NAIDOC Week at the Art Gallery of New South Wales

| July 9, 2013

The celebrations of NAIDOC week continue with art exhibitions, artist talks and school holiday workshops. Amanda Peacock from the Art Gallery of New South Wales provides some historical background about the Yirrkala Bark Petitions.

This year’s theme for NAIDOC Week, ‘We value the vision: Yirrkala Bark Petitions 1963’, was a gift to us as programmers at The Art Gallery of New South Wales, connecting as it does with our collections and the political role of art in Indigenous Australian history.
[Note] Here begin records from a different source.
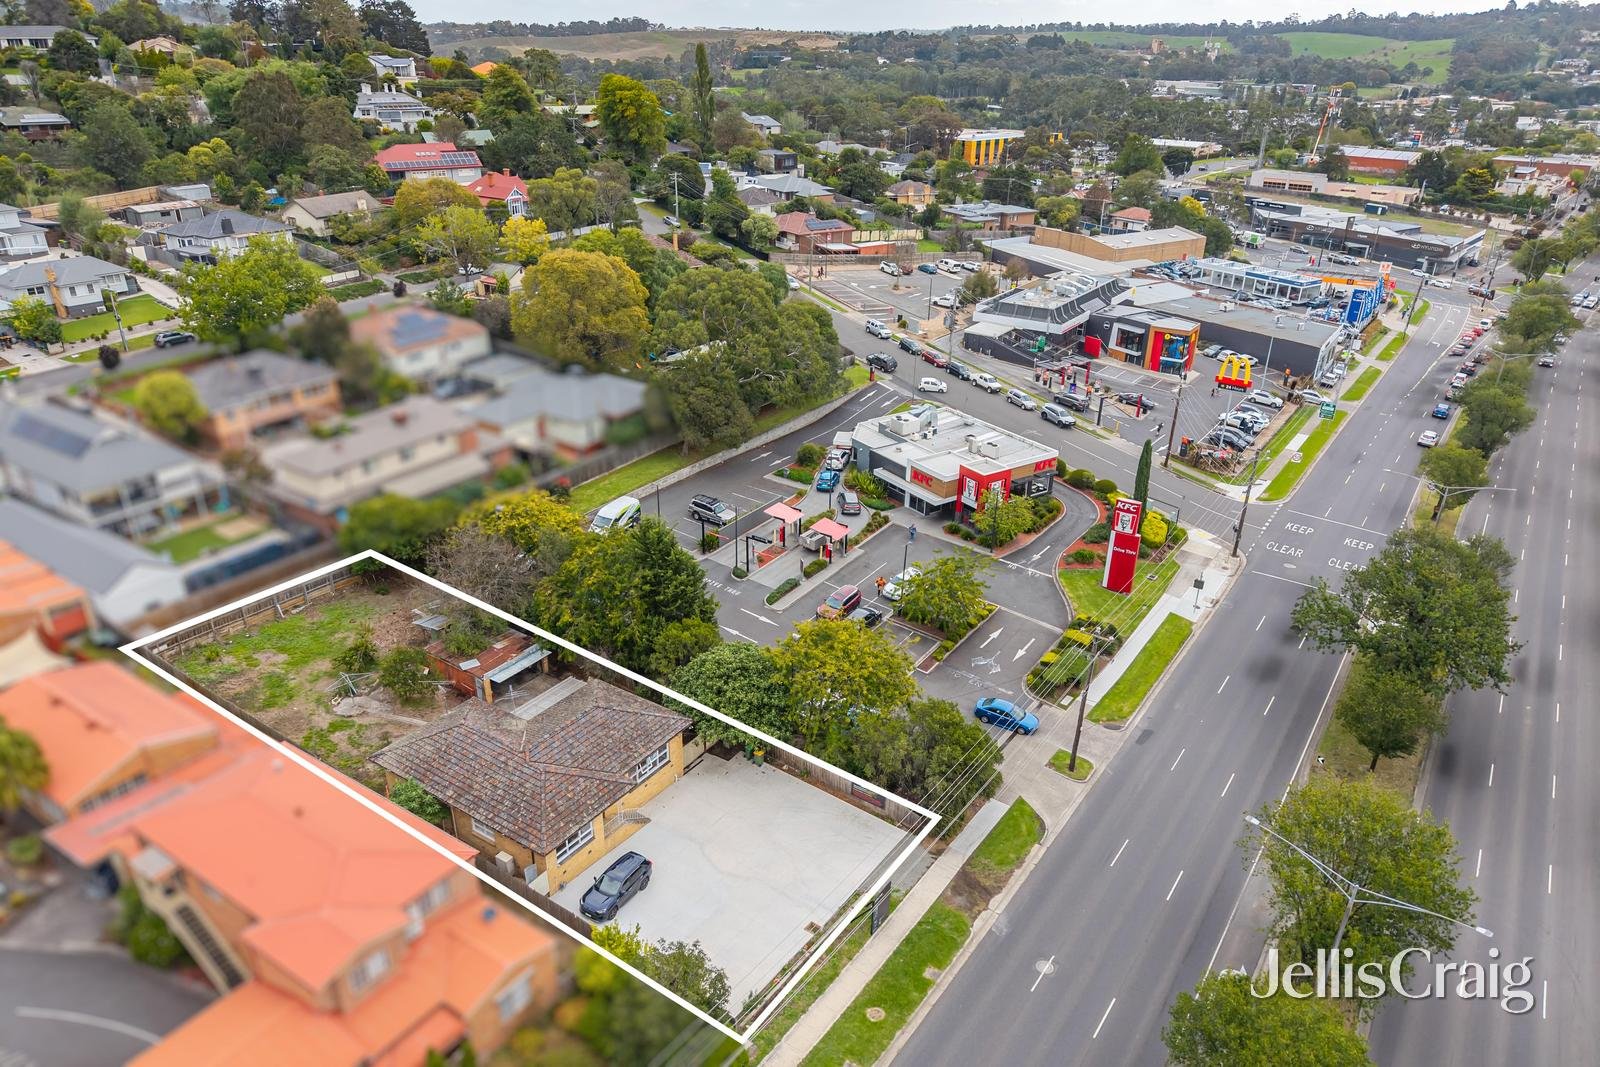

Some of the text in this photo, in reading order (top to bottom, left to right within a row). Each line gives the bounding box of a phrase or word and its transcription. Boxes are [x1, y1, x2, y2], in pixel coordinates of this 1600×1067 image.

[1034, 459, 1056, 473] KFC
[912, 470, 933, 487] KFC
[1117, 502, 1138, 512] KFC
[1285, 522, 1314, 535] KEEP
[1266, 541, 1304, 558] CLEAR
[1343, 537, 1374, 551] KEEP
The cornerstone of our Aboriginal and Torres Strait Islander art collection is a series of extraordinary bark paintings from Yirrkala commissioned in 1959 by Dr Stuart Scougall and Tony Tuckson, then deputy director of the Gallery. These barks were painted by senior Yolngu artists such as Mawalan Marika and Munggurrawuy Yunupingu, men who would be instrumental, only four years later, in the creation of the Yirrkala Bark Petitions.

Yirrkala was a mission settlement established in the 1930’s, and artmaking has been used by the local Yolngu people since these early days to ensure their culture was understood and respected. Marika and Yunupingu were among the artists who worked with the Reverend Wilbur Chaseling at the Yirrkala Mission in 1962 to create the Yirrkala Church Panels.

These two panels, painted with the complementary Dhuwa and Yirritja clan designs, were mounted on either side of the Yirrkala mission church altar where, for the first time, Yolgnu and Christian spirituality was publicly recognised on an equal footing, expressing a genuine cross cultural relationship. This approach of communication through artistic language led in 1963 to the creation of the Bark Petition, combining a written statement and signatures with clan designs to protest the proposed mine in Yolgnu country, an assertion of Yolngu law and sovereignty.

The mine went ahead, destroying much of the local environment and sacred sites, but the legal challenge by Yolngu, the country’s first land rights case, was a defining moment in establishing the Aboriginal Land Rights movement. It is very exciting to be able to welcome someone as closely connected to this history as the artist Wanyubi Marika to speak at the Gallery to celebrate this NAIDOC theme.

Wanyubi is the son of Milirrpum, the ‘third’ elder or leader of the Rirratjingu clan, after Mawalan and his brother Mathaman. After the deaths of Mawalan, the original plaintiff in the case, and of Mathaman, it was Wanyubi’s father who represented his people in Darwin’s Supreme Court, Milirrpum vs Nabalco. Wanyubi will speak about the Yirrkala barks in our collection and reflect on the significant legacy of these artists to kick off a night of free Indigenous programming for Art After Hours, the Gallery’s late night programs, on Wednesday 10 July.

The theme of art and politics continues in the 6.30pm Celebrity Talk featuring Gurindji/Malngin/Mudpurra artist, curator and academic Brenda L Croft in conversation with some of the subjects and co-collaborators of her photographic series Strange fruit, Conference call and The big deal is Black, currently on exhibition in the Yiribana Gallery Project Space on Lower level 3.

Brenda was a founding member of the Boomalli Aboriginal Artists Cooperative and played a key role in Indigenous Sydney’s political and artistic avant-garde of the 1980’s and 90s. Her work directly challenged portrayals of Aboriginal people as ‘other’, presenting a positive image of Aboriginality from an insider’s viewpoint, ‘letting you see something of us on our own terms’ as she has said. Her work retains its radical edge today. Brenda will be joined by Bonny Briggs, Tim Bishop, Jody Chester and Mary Mumbulla in a discussion facilitated by Bundjalung and Kullilli journalist Daniel Browning, which promises to be lively.

Live music in the Artbar performed by the well known Aboriginal artist Peter Yanada McKenzie, also a songwriter, will give the Gallery spaces a buzz during this night of celebrations, while throughout the week Wiradjuri artist and Gallery Educator Tjanara Talbot will lead daily holiday artmaking workshops for children aged 5-13, who will learn a song in the Wiradjuri language and develop their watercolour painting skills in response to works in the Gallery’s collection.

NAIDOC Week is a time for celebration, and we hope everyone can make it into the Gallery this week to help us celebrate.